» **Record set**

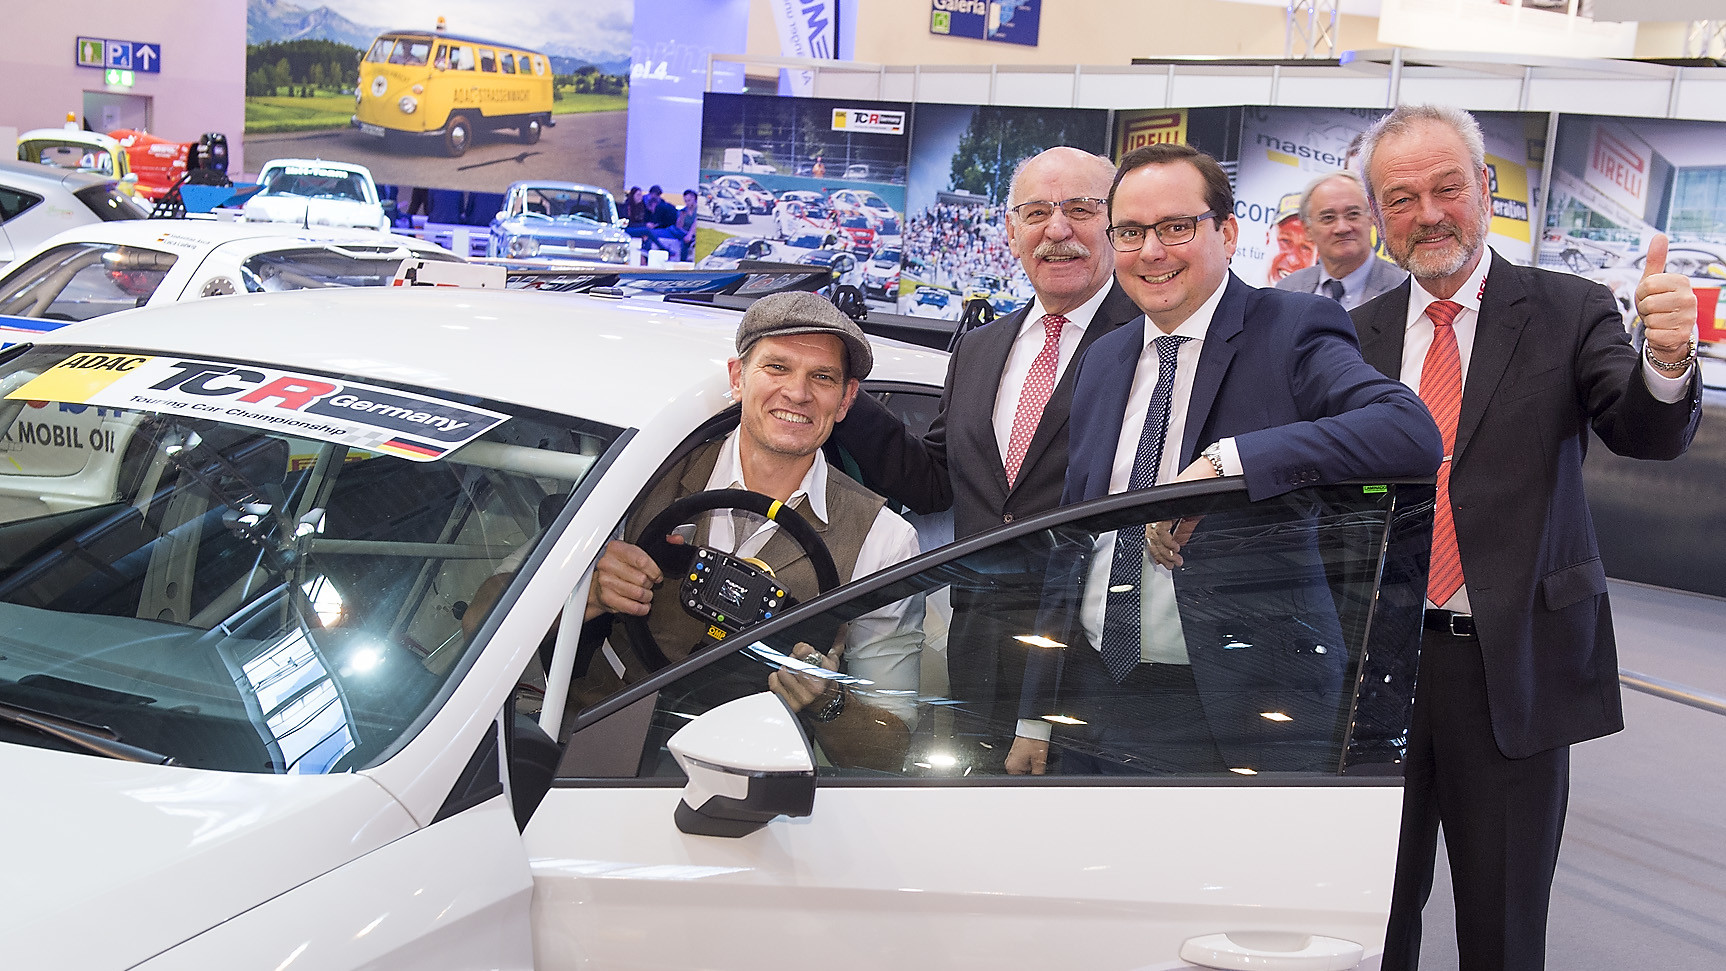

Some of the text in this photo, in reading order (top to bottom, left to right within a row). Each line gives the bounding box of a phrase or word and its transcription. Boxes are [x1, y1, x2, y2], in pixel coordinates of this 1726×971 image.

[854, 112, 879, 124] TCR
[1256, 133, 1345, 166] master
[1593, 124, 1645, 200] PIRELLI
[1492, 200, 1527, 220] eration
[1249, 246, 1265, 260] für
[58, 355, 147, 372] ADAC
[148, 361, 337, 411] TCR
[328, 395, 469, 432] Germany
[129, 395, 188, 410] Touring
[191, 403, 225, 413] Car
[225, 408, 347, 436] Championship
[18, 420, 115, 454] MOBIL OIL
[708, 627, 727, 639] OMP
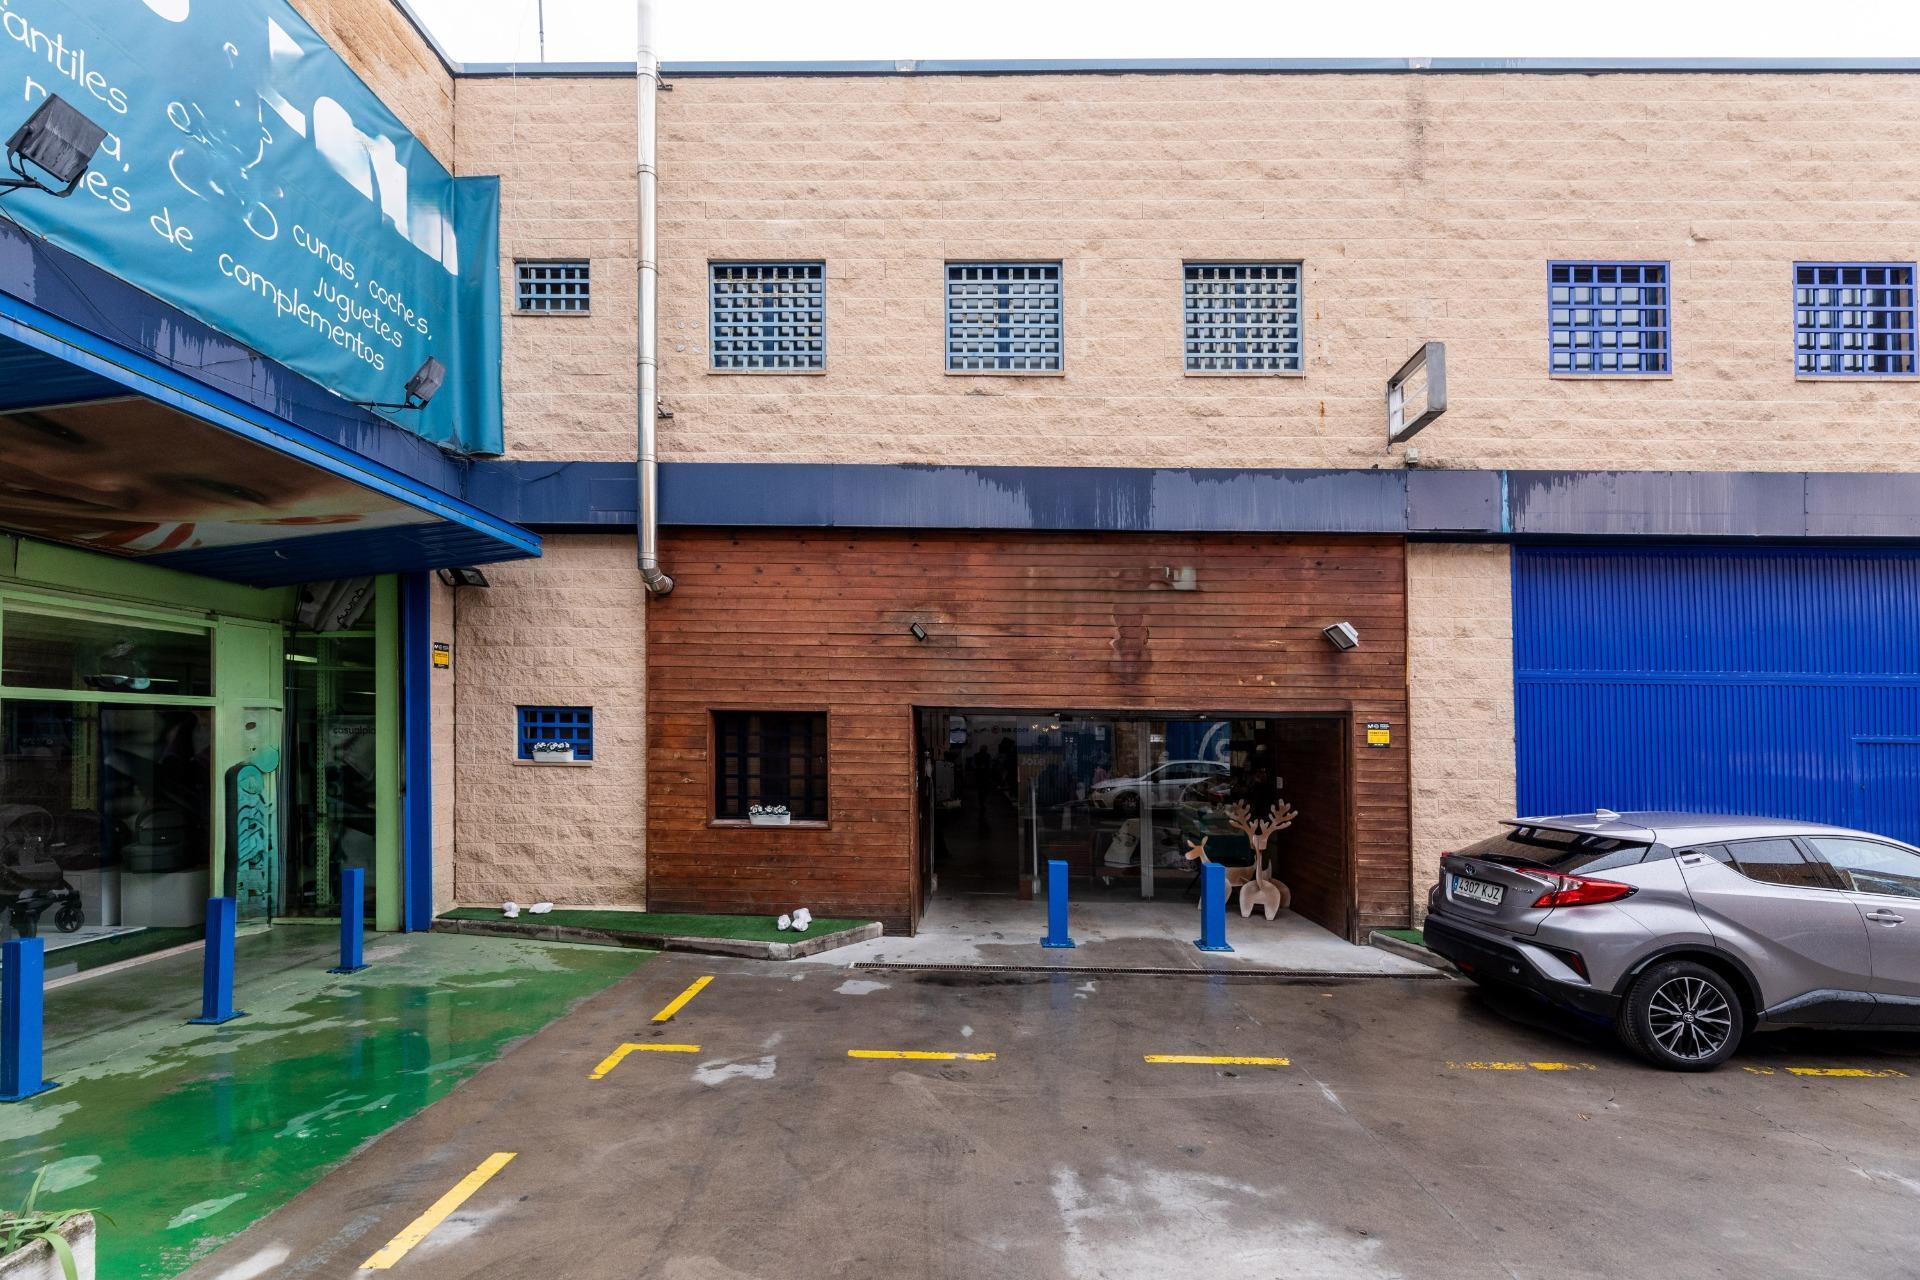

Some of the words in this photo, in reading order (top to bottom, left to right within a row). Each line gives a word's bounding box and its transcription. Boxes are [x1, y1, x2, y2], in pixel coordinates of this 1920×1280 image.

[150, 206, 194, 252] de
[218, 253, 385, 371] complementos
[292, 224, 359, 288] cunas,
[368, 280, 432, 341] coches,
[1459, 880, 1480, 894] 4307
[1481, 884, 1500, 900] KJZ
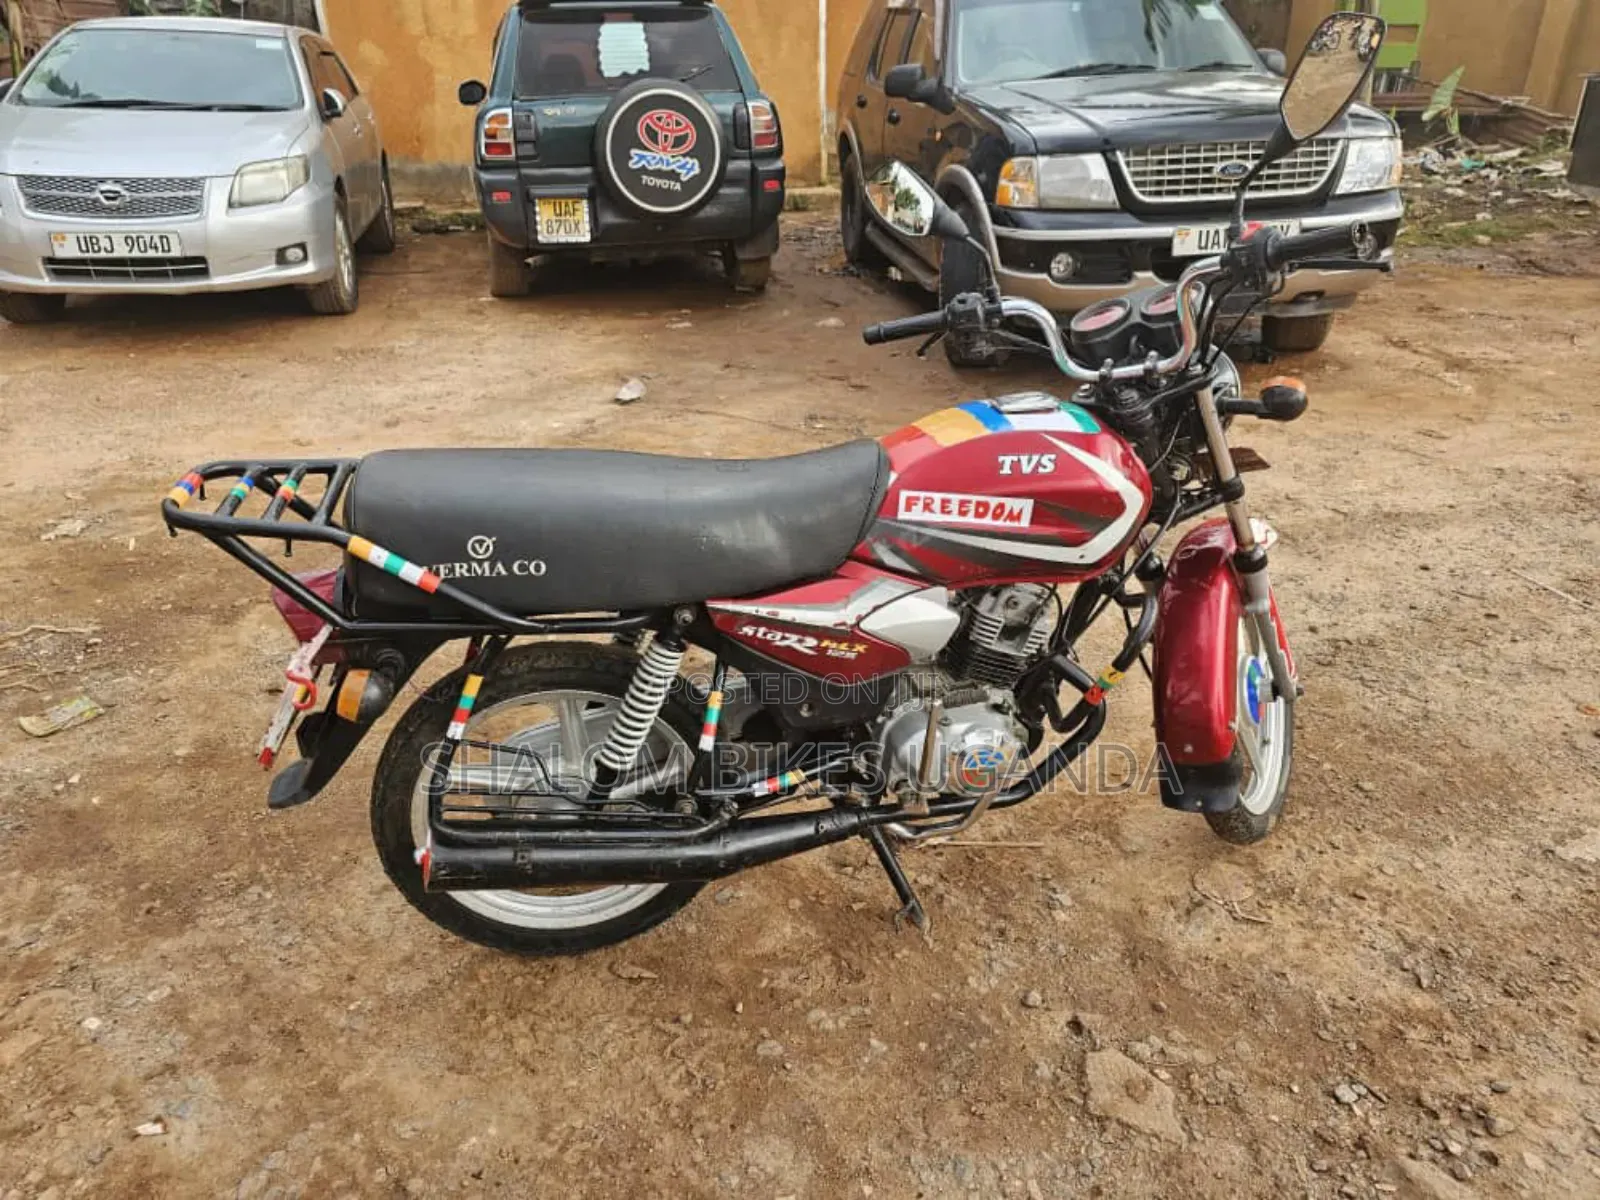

» **Task directions**
Excluding pictures, copy exactly the lines from the line containing "Some of the words" through the last line of the data, inclusive.

» **Task solution**
Some of the words in this photo, in reading order (top to bottom, left to right within a row). Each line gives a word's bounding box and its transcription. Boxes are [x1, y1, x2, y2], in pixel coordinates of this 1920×1280 image.

[150, 206, 194, 252] de
[218, 253, 385, 371] complementos
[292, 224, 359, 288] cunas,
[368, 280, 432, 341] coches,
[1459, 880, 1480, 894] 4307
[1481, 884, 1500, 900] KJZ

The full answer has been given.